There _is_ a real world, but it is beyond this glamour and this vision,
beyond these ‘chases in Arras, dreams in a career,’ beyond them all as
beyond a veil. I do not know whether any human being has ever lifted
that veil; but I do know, Clarke, that you and I shall see it lifted
this very night from before another’s eyes. You may think this all
strange nonsense; it may be strange, but it is true, and the ancients
knew what lifting the veil means. They called it seeing the god Pan.”

Clarke shivered; the white mist gathering over the river was chilly.

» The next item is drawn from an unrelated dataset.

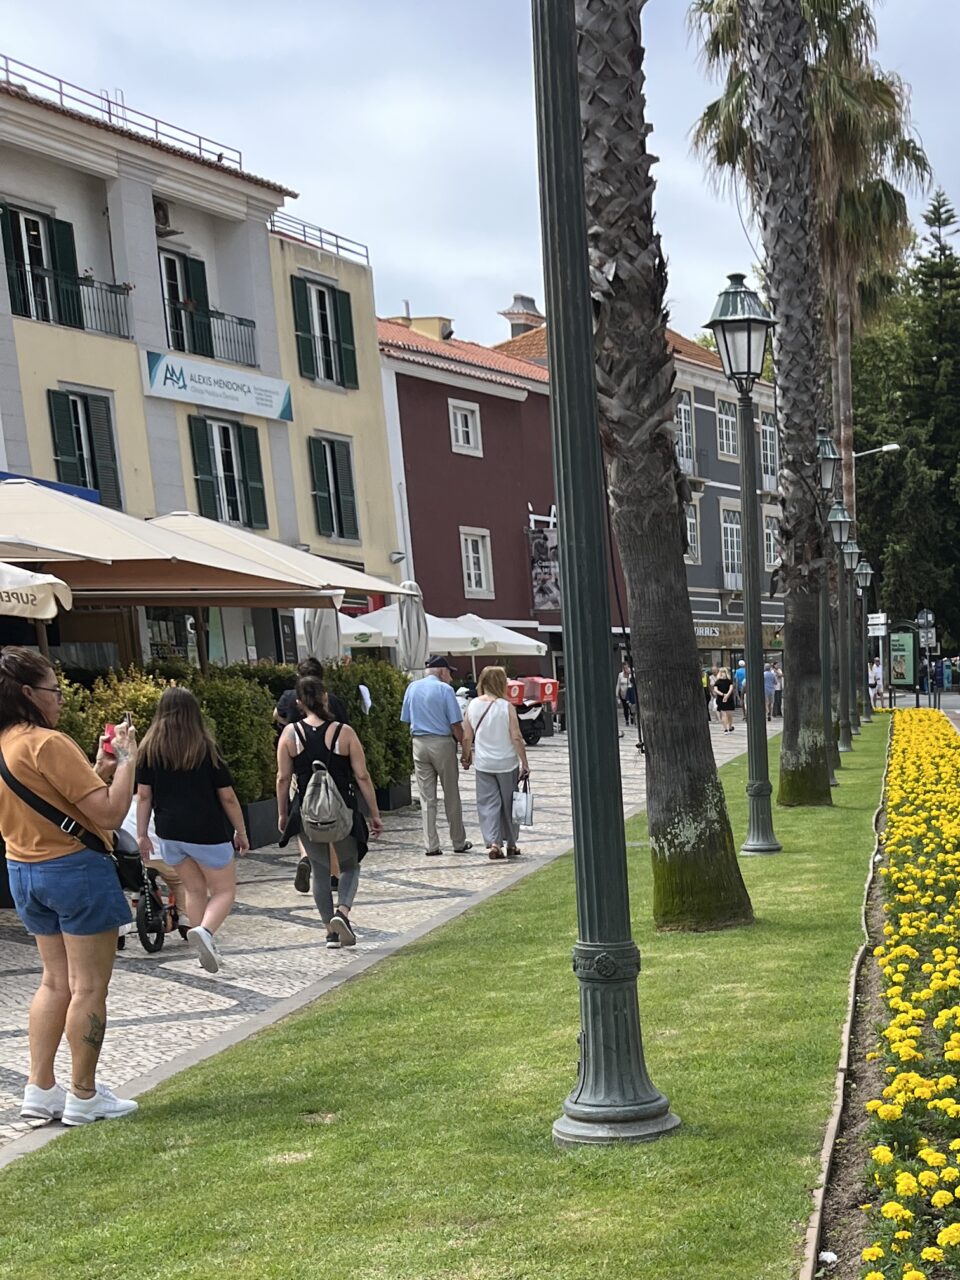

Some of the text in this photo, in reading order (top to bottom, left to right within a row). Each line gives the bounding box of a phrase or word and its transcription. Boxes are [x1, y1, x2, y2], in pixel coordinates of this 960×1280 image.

“It is wonderful indeed,” he said. “We are standing on the brink of a
strange world, Raymond, if what you say is true. I suppose the knife is
absolutely necessary?”

“Yes; a slight lesion in the grey matter, that is all; a trifling
rearrangement of certain cells, a microscopical alteration that would
escape the attention of ninety-nine brain specialists out of a hundred.
I don’t want to bother you with ‘shop,’ Clarke; I might give you a mass
of technical detail which would sound very imposing, and would leave
you as enlightened as you are now. But I suppose you have read,
casually, in out-of-the-way corners of your paper, that immense strides
have been made recently in the physiology of the brain. I saw a
paragraph the other day about Digby’s theory, and Browne Faber’s
discoveries. Theories and discoveries! Where they are standing now, I
stood fifteen years ago, and I need not tell you that I have not been
standing still for the last fifteen years. It will be enough if I say
that five years ago I made the discovery that I alluded to when I said
that ten years ago I reached the goal. After years of labour, after
years of toiling and groping in the dark, after days and nights of
disappointments and sometimes of despair, in which I used now and then
to tremble and grow cold with the thought that perhaps there were
others seeking for what I sought, at last, after so long, a pang of
sudden joy thrilled my soul, and I knew the long journey was at an end.
By what seemed then and still seems a chance, the suggestion of a
moment’s idle thought followed up upon familiar lines and paths that I
had tracked a hundred times already, the great truth burst upon me, and
I saw, mapped out in lines of sight, a whole world, a sphere unknown;
continents and islands, and great oceans in which no ship has sailed
(to my belief) since a Man first lifted up his eyes and beheld the sun,
and the stars of heaven, and the quiet earth beneath.